_Exercise aim_: The records below need to be copied in full. Match them exactly.

_Stored entries_:
=== Section Start ===

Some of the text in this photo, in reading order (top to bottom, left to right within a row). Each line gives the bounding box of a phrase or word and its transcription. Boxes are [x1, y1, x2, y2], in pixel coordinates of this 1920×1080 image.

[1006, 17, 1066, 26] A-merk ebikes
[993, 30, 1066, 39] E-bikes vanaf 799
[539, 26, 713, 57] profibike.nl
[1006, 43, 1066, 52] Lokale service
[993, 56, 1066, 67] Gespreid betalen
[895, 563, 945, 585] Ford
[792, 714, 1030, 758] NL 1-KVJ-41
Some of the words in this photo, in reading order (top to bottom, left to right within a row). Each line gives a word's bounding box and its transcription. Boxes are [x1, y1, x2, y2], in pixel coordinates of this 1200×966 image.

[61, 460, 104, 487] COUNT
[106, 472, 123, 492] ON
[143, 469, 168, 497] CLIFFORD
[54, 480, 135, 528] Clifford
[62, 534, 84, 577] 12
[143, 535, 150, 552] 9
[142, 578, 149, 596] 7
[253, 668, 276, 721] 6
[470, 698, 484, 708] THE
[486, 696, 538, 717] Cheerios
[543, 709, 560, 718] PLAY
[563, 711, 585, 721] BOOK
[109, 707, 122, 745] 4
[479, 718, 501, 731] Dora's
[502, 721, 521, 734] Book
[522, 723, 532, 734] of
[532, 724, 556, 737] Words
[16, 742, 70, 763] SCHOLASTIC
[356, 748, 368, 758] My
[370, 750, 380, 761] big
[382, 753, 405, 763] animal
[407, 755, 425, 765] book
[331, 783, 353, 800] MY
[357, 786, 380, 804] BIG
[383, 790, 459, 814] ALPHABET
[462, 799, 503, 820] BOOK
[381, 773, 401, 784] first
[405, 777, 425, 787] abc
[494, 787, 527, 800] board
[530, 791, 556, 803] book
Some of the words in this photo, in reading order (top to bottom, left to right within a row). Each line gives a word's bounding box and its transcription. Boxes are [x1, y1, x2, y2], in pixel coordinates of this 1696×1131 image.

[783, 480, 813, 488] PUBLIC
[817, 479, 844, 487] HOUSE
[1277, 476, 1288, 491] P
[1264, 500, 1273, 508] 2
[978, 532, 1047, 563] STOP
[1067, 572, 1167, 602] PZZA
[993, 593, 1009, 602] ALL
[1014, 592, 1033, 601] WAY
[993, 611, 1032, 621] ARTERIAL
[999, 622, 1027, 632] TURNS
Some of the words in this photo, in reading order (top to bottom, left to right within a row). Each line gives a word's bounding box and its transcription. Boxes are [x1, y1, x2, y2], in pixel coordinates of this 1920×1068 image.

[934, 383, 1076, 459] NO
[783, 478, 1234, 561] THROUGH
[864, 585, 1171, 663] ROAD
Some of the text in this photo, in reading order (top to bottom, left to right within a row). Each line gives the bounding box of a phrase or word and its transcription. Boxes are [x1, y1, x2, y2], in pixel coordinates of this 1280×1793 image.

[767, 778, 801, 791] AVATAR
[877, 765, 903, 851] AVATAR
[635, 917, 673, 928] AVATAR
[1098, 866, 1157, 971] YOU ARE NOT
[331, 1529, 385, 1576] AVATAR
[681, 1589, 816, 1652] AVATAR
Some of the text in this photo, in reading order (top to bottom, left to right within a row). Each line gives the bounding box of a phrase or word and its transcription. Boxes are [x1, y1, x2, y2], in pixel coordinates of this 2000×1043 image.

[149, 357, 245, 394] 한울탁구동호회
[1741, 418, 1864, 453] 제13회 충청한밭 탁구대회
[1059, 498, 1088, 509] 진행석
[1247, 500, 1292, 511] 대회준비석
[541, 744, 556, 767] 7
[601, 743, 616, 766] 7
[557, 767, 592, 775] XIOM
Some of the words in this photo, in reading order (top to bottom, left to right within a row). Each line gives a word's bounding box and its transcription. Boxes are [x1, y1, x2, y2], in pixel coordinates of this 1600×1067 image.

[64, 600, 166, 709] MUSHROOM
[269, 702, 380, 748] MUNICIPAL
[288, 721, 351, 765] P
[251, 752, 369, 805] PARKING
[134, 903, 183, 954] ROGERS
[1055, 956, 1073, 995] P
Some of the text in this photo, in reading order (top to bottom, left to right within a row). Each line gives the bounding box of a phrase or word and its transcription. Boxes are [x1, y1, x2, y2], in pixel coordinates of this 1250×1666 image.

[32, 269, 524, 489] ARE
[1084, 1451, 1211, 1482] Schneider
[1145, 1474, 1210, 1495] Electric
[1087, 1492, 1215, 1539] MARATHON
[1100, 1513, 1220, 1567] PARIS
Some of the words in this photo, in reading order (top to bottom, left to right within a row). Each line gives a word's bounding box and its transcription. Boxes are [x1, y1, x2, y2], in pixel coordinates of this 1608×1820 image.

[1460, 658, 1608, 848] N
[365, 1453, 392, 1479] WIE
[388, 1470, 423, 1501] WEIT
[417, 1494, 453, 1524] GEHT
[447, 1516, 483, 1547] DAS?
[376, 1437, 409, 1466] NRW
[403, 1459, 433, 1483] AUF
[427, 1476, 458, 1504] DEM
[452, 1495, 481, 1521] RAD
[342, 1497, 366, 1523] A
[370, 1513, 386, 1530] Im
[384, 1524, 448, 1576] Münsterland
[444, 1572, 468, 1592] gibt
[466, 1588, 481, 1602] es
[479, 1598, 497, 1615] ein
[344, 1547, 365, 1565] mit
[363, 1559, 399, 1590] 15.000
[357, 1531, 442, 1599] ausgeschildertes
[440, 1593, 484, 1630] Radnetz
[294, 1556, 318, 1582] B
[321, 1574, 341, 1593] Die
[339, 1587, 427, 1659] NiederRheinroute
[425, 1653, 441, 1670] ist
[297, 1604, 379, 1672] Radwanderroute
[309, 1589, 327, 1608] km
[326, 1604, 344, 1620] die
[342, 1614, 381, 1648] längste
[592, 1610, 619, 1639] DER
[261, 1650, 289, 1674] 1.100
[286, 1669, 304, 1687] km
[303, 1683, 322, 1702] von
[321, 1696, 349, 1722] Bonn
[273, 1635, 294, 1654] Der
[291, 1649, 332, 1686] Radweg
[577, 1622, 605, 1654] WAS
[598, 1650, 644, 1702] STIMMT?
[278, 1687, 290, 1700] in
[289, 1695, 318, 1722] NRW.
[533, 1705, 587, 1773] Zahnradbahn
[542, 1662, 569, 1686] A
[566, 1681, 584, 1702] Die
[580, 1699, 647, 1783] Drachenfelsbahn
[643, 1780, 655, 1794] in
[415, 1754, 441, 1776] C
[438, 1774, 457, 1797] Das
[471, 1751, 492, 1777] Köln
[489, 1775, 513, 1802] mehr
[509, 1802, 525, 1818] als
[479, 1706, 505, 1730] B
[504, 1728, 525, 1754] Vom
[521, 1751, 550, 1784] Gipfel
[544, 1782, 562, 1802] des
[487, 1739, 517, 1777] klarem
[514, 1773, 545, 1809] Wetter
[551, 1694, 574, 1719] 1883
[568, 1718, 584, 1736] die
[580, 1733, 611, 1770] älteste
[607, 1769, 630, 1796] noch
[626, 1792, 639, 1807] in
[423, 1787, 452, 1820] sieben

=== Section End ===

_Task response_:
Some of the text in this photo, in reading order (top to bottom, left to right within a row). Each line gives the bounding box of a phrase or word and its transcription. Boxes are [x1, y1, x2, y2], in pixel coordinates of this 1920×1080 image.

[1006, 17, 1066, 26] A-merk ebikes
[993, 30, 1066, 39] E-bikes vanaf 799
[539, 26, 713, 57] profibike.nl
[1006, 43, 1066, 52] Lokale service
[993, 56, 1066, 67] Gespreid betalen
[895, 563, 945, 585] Ford
[792, 714, 1030, 758] NL 1-KVJ-41
Some of the words in this photo, in reading order (top to bottom, left to right within a row). Each line gives a word's bounding box and its transcription. Boxes are [x1, y1, x2, y2], in pixel coordinates of this 1200×966 image.

[61, 460, 104, 487] COUNT
[106, 472, 123, 492] ON
[143, 469, 168, 497] CLIFFORD
[54, 480, 135, 528] Clifford
[62, 534, 84, 577] 12
[143, 535, 150, 552] 9
[142, 578, 149, 596] 7
[253, 668, 276, 721] 6
[470, 698, 484, 708] THE
[486, 696, 538, 717] Cheerios
[543, 709, 560, 718] PLAY
[563, 711, 585, 721] BOOK
[109, 707, 122, 745] 4
[479, 718, 501, 731] Dora's
[502, 721, 521, 734] Book
[522, 723, 532, 734] of
[532, 724, 556, 737] Words
[16, 742, 70, 763] SCHOLASTIC
[356, 748, 368, 758] My
[370, 750, 380, 761] big
[382, 753, 405, 763] animal
[407, 755, 425, 765] book
[331, 783, 353, 800] MY
[357, 786, 380, 804] BIG
[383, 790, 459, 814] ALPHABET
[462, 799, 503, 820] BOOK
[381, 773, 401, 784] first
[405, 777, 425, 787] abc
[494, 787, 527, 800] board
[530, 791, 556, 803] book
Some of the words in this photo, in reading order (top to bottom, left to right within a row). Each line gives a word's bounding box and its transcription. Boxes are [x1, y1, x2, y2], in pixel coordinates of this 1696×1131 image.

[783, 480, 813, 488] PUBLIC
[817, 479, 844, 487] HOUSE
[1277, 476, 1288, 491] P
[1264, 500, 1273, 508] 2
[978, 532, 1047, 563] STOP
[1067, 572, 1167, 602] PZZA
[993, 593, 1009, 602] ALL
[1014, 592, 1033, 601] WAY
[993, 611, 1032, 621] ARTERIAL
[999, 622, 1027, 632] TURNS
Some of the words in this photo, in reading order (top to bottom, left to right within a row). Each line gives a word's bounding box and its transcription. Boxes are [x1, y1, x2, y2], in pixel coordinates of this 1920×1068 image.

[934, 383, 1076, 459] NO
[783, 478, 1234, 561] THROUGH
[864, 585, 1171, 663] ROAD
Some of the text in this photo, in reading order (top to bottom, left to right within a row). Each line gives the bounding box of a phrase or word and its transcription. Boxes are [x1, y1, x2, y2], in pixel coordinates of this 1280×1793 image.

[767, 778, 801, 791] AVATAR
[877, 765, 903, 851] AVATAR
[635, 917, 673, 928] AVATAR
[1098, 866, 1157, 971] YOU ARE NOT
[331, 1529, 385, 1576] AVATAR
[681, 1589, 816, 1652] AVATAR
Some of the text in this photo, in reading order (top to bottom, left to right within a row). Each line gives the bounding box of a phrase or word and its transcription. Boxes are [x1, y1, x2, y2], in pixel coordinates of this 2000×1043 image.

[149, 357, 245, 394] 한울탁구동호회
[1741, 418, 1864, 453] 제13회 충청한밭 탁구대회
[1059, 498, 1088, 509] 진행석
[1247, 500, 1292, 511] 대회준비석
[541, 744, 556, 767] 7
[601, 743, 616, 766] 7
[557, 767, 592, 775] XIOM
Some of the words in this photo, in reading order (top to bottom, left to right within a row). Each line gives a word's bounding box and its transcription. Boxes are [x1, y1, x2, y2], in pixel coordinates of this 1600×1067 image.

[64, 600, 166, 709] MUSHROOM
[269, 702, 380, 748] MUNICIPAL
[288, 721, 351, 765] P
[251, 752, 369, 805] PARKING
[134, 903, 183, 954] ROGERS
[1055, 956, 1073, 995] P
Some of the text in this photo, in reading order (top to bottom, left to right within a row). Each line gives the bounding box of a phrase or word and its transcription. Boxes are [x1, y1, x2, y2], in pixel coordinates of this 1250×1666 image.

[32, 269, 524, 489] ARE
[1084, 1451, 1211, 1482] Schneider
[1145, 1474, 1210, 1495] Electric
[1087, 1492, 1215, 1539] MARATHON
[1100, 1513, 1220, 1567] PARIS
Some of the words in this photo, in reading order (top to bottom, left to right within a row). Each line gives a word's bounding box and its transcription. Boxes are [x1, y1, x2, y2], in pixel coordinates of this 1608×1820 image.

[1460, 658, 1608, 848] N
[365, 1453, 392, 1479] WIE
[388, 1470, 423, 1501] WEIT
[417, 1494, 453, 1524] GEHT
[447, 1516, 483, 1547] DAS?
[376, 1437, 409, 1466] NRW
[403, 1459, 433, 1483] AUF
[427, 1476, 458, 1504] DEM
[452, 1495, 481, 1521] RAD
[342, 1497, 366, 1523] A
[370, 1513, 386, 1530] Im
[384, 1524, 448, 1576] Münsterland
[444, 1572, 468, 1592] gibt
[466, 1588, 481, 1602] es
[479, 1598, 497, 1615] ein
[344, 1547, 365, 1565] mit
[363, 1559, 399, 1590] 15.000
[357, 1531, 442, 1599] ausgeschildertes
[440, 1593, 484, 1630] Radnetz
[294, 1556, 318, 1582] B
[321, 1574, 341, 1593] Die
[339, 1587, 427, 1659] NiederRheinroute
[425, 1653, 441, 1670] ist
[297, 1604, 379, 1672] Radwanderroute
[309, 1589, 327, 1608] km
[326, 1604, 344, 1620] die
[342, 1614, 381, 1648] längste
[592, 1610, 619, 1639] DER
[261, 1650, 289, 1674] 1.100
[286, 1669, 304, 1687] km
[303, 1683, 322, 1702] von
[321, 1696, 349, 1722] Bonn
[273, 1635, 294, 1654] Der
[291, 1649, 332, 1686] Radweg
[577, 1622, 605, 1654] WAS
[598, 1650, 644, 1702] STIMMT?
[278, 1687, 290, 1700] in
[289, 1695, 318, 1722] NRW.
[533, 1705, 587, 1773] Zahnradbahn
[542, 1662, 569, 1686] A
[566, 1681, 584, 1702] Die
[580, 1699, 647, 1783] Drachenfelsbahn
[643, 1780, 655, 1794] in
[415, 1754, 441, 1776] C
[438, 1774, 457, 1797] Das
[471, 1751, 492, 1777] Köln
[489, 1775, 513, 1802] mehr
[509, 1802, 525, 1818] als
[479, 1706, 505, 1730] B
[504, 1728, 525, 1754] Vom
[521, 1751, 550, 1784] Gipfel
[544, 1782, 562, 1802] des
[487, 1739, 517, 1777] klarem
[514, 1773, 545, 1809] Wetter
[551, 1694, 574, 1719] 1883
[568, 1718, 584, 1736] die
[580, 1733, 611, 1770] älteste
[607, 1769, 630, 1796] noch
[626, 1792, 639, 1807] in
[423, 1787, 452, 1820] sieben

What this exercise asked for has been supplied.